====== SUPPLIED DATA ======

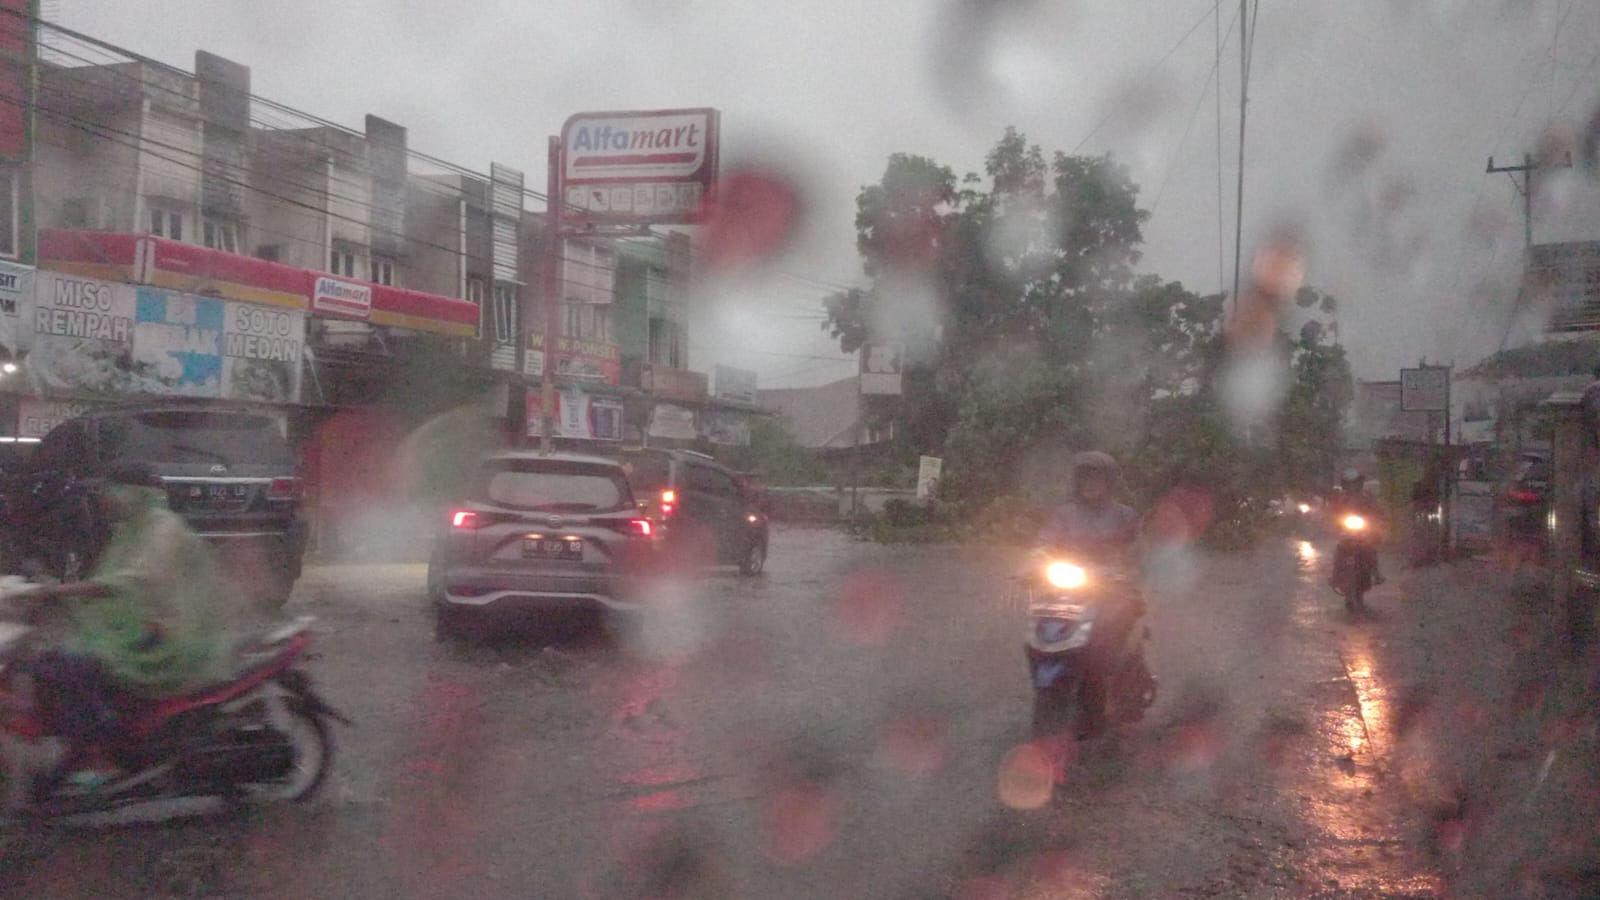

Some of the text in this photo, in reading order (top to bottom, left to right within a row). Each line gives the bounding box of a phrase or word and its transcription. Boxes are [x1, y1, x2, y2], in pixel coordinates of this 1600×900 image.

[573, 123, 699, 151] Alfamart
[54, 278, 112, 311] MISO
[319, 279, 369, 302] Alfamart
[35, 307, 132, 342] REMPAH
[235, 305, 291, 336] SOTO
[225, 332, 298, 362] MEDAN

======

### ACTION ITEM:
Retype the records above line for line and exactly, omitting their pictures.

### TASK RESULT:
Some of the text in this photo, in reading order (top to bottom, left to right within a row). Each line gives the bounding box of a phrase or word and its transcription. Boxes are [x1, y1, x2, y2], in pixel coordinates of this 1600×900 image.

[573, 123, 699, 151] Alfamart
[54, 278, 112, 311] MISO
[319, 279, 369, 302] Alfamart
[35, 307, 132, 342] REMPAH
[235, 305, 291, 336] SOTO
[225, 332, 298, 362] MEDAN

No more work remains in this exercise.